Directions for this task:
Repeat the entries. Each one must match exactly.

*** Data listing

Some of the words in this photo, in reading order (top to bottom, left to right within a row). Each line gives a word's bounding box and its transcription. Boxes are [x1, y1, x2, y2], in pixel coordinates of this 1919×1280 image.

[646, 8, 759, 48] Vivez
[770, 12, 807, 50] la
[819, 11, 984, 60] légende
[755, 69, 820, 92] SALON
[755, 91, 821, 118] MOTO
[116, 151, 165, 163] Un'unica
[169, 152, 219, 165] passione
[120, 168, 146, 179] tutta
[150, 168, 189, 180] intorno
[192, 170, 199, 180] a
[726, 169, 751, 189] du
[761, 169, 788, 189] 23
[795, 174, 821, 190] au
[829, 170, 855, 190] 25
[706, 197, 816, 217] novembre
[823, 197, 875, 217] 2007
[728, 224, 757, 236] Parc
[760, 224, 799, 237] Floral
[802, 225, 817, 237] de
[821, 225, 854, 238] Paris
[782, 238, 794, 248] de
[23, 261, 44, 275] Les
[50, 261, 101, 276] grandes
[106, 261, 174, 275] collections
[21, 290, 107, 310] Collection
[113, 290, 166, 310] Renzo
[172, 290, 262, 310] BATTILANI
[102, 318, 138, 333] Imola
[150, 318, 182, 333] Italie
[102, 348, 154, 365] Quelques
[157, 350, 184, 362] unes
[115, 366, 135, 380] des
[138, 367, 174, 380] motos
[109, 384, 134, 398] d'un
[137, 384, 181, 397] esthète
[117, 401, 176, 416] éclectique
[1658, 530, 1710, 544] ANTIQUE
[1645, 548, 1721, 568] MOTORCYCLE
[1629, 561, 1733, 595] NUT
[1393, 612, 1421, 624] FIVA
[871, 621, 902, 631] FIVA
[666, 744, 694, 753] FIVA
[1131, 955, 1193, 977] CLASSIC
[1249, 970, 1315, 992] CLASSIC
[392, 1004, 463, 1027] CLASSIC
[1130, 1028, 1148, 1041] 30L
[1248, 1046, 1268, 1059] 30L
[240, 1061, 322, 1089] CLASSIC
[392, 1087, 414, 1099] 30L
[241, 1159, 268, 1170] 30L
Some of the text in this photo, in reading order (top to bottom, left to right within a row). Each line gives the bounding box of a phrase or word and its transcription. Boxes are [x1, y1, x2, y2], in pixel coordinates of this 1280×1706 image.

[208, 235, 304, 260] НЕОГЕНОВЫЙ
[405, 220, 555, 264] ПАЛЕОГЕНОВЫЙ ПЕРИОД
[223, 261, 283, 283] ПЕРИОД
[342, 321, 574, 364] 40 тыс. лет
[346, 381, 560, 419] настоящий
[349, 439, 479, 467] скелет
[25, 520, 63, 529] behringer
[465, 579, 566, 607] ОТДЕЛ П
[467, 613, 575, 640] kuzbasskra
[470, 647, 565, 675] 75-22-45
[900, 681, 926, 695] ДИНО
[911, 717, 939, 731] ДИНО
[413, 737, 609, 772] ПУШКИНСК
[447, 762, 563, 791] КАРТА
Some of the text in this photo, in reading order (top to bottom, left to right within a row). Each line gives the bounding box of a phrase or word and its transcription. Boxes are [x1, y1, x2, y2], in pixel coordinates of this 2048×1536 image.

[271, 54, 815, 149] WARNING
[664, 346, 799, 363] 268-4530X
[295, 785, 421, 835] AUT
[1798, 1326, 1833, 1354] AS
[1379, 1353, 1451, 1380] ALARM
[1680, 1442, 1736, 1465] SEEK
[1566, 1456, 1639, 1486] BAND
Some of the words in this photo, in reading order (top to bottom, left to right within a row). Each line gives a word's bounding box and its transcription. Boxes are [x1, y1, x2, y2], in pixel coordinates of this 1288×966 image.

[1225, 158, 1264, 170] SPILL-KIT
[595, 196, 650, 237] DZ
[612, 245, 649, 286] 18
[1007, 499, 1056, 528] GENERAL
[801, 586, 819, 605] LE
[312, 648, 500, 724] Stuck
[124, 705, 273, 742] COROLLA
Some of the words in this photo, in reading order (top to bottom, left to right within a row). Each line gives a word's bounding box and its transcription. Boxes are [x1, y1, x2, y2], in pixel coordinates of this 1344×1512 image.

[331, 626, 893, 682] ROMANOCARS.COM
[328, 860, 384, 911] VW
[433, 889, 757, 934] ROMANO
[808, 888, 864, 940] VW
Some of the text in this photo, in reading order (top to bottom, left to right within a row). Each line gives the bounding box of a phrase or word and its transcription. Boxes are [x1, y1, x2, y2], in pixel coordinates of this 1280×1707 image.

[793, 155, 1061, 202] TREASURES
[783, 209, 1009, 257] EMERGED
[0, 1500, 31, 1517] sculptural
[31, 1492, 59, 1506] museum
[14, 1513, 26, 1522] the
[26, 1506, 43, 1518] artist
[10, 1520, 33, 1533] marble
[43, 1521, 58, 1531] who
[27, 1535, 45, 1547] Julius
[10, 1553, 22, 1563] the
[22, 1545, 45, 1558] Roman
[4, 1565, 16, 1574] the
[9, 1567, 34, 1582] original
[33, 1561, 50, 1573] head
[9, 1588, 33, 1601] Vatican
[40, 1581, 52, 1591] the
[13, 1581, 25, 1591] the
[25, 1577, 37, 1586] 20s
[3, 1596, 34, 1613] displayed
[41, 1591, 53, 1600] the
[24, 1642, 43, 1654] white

******

Solved problem:
Some of the words in this photo, in reading order (top to bottom, left to right within a row). Each line gives a word's bounding box and its transcription. Boxes are [x1, y1, x2, y2], in pixel coordinates of this 1919×1280 image.

[646, 8, 759, 48] Vivez
[770, 12, 807, 50] la
[819, 11, 984, 60] légende
[755, 69, 820, 92] SALON
[755, 91, 821, 118] MOTO
[116, 151, 165, 163] Un'unica
[169, 152, 219, 165] passione
[120, 168, 146, 179] tutta
[150, 168, 189, 180] intorno
[192, 170, 199, 180] a
[726, 169, 751, 189] du
[761, 169, 788, 189] 23
[795, 174, 821, 190] au
[829, 170, 855, 190] 25
[706, 197, 816, 217] novembre
[823, 197, 875, 217] 2007
[728, 224, 757, 236] Parc
[760, 224, 799, 237] Floral
[802, 225, 817, 237] de
[821, 225, 854, 238] Paris
[782, 238, 794, 248] de
[23, 261, 44, 275] Les
[50, 261, 101, 276] grandes
[106, 261, 174, 275] collections
[21, 290, 107, 310] Collection
[113, 290, 166, 310] Renzo
[172, 290, 262, 310] BATTILANI
[102, 318, 138, 333] Imola
[150, 318, 182, 333] Italie
[102, 348, 154, 365] Quelques
[157, 350, 184, 362] unes
[115, 366, 135, 380] des
[138, 367, 174, 380] motos
[109, 384, 134, 398] d'un
[137, 384, 181, 397] esthète
[117, 401, 176, 416] éclectique
[1658, 530, 1710, 544] ANTIQUE
[1645, 548, 1721, 568] MOTORCYCLE
[1629, 561, 1733, 595] NUT
[1393, 612, 1421, 624] FIVA
[871, 621, 902, 631] FIVA
[666, 744, 694, 753] FIVA
[1131, 955, 1193, 977] CLASSIC
[1249, 970, 1315, 992] CLASSIC
[392, 1004, 463, 1027] CLASSIC
[1130, 1028, 1148, 1041] 30L
[1248, 1046, 1268, 1059] 30L
[240, 1061, 322, 1089] CLASSIC
[392, 1087, 414, 1099] 30L
[241, 1159, 268, 1170] 30L
Some of the text in this photo, in reading order (top to bottom, left to right within a row). Each line gives the bounding box of a phrase or word and its transcription. Boxes are [x1, y1, x2, y2], in pixel coordinates of this 1280×1706 image.

[208, 235, 304, 260] НЕОГЕНОВЫЙ
[405, 220, 555, 264] ПАЛЕОГЕНОВЫЙ ПЕРИОД
[223, 261, 283, 283] ПЕРИОД
[342, 321, 574, 364] 40 тыс. лет
[346, 381, 560, 419] настоящий
[349, 439, 479, 467] скелет
[25, 520, 63, 529] behringer
[465, 579, 566, 607] ОТДЕЛ П
[467, 613, 575, 640] kuzbasskra
[470, 647, 565, 675] 75-22-45
[900, 681, 926, 695] ДИНО
[911, 717, 939, 731] ДИНО
[413, 737, 609, 772] ПУШКИНСК
[447, 762, 563, 791] КАРТА
Some of the text in this photo, in reading order (top to bottom, left to right within a row). Each line gives the bounding box of a phrase or word and its transcription. Boxes are [x1, y1, x2, y2], in pixel coordinates of this 2048×1536 image.

[271, 54, 815, 149] WARNING
[664, 346, 799, 363] 268-4530X
[295, 785, 421, 835] AUT
[1798, 1326, 1833, 1354] AS
[1379, 1353, 1451, 1380] ALARM
[1680, 1442, 1736, 1465] SEEK
[1566, 1456, 1639, 1486] BAND
Some of the words in this photo, in reading order (top to bottom, left to right within a row). Each line gives a word's bounding box and its transcription. Boxes are [x1, y1, x2, y2], in pixel coordinates of this 1288×966 image.

[1225, 158, 1264, 170] SPILL-KIT
[595, 196, 650, 237] DZ
[612, 245, 649, 286] 18
[1007, 499, 1056, 528] GENERAL
[801, 586, 819, 605] LE
[312, 648, 500, 724] Stuck
[124, 705, 273, 742] COROLLA
Some of the words in this photo, in reading order (top to bottom, left to right within a row). Each line gives a word's bounding box and its transcription. Boxes are [x1, y1, x2, y2], in pixel coordinates of this 1344×1512 image.

[331, 626, 893, 682] ROMANOCARS.COM
[328, 860, 384, 911] VW
[433, 889, 757, 934] ROMANO
[808, 888, 864, 940] VW
Some of the text in this photo, in reading order (top to bottom, left to right within a row). Each line gives the bounding box of a phrase or word and its transcription. Boxes are [x1, y1, x2, y2], in pixel coordinates of this 1280×1707 image.

[793, 155, 1061, 202] TREASURES
[783, 209, 1009, 257] EMERGED
[0, 1500, 31, 1517] sculptural
[31, 1492, 59, 1506] museum
[14, 1513, 26, 1522] the
[26, 1506, 43, 1518] artist
[10, 1520, 33, 1533] marble
[43, 1521, 58, 1531] who
[27, 1535, 45, 1547] Julius
[10, 1553, 22, 1563] the
[22, 1545, 45, 1558] Roman
[4, 1565, 16, 1574] the
[9, 1567, 34, 1582] original
[33, 1561, 50, 1573] head
[9, 1588, 33, 1601] Vatican
[40, 1581, 52, 1591] the
[13, 1581, 25, 1591] the
[25, 1577, 37, 1586] 20s
[3, 1596, 34, 1613] displayed
[41, 1591, 53, 1600] the
[24, 1642, 43, 1654] white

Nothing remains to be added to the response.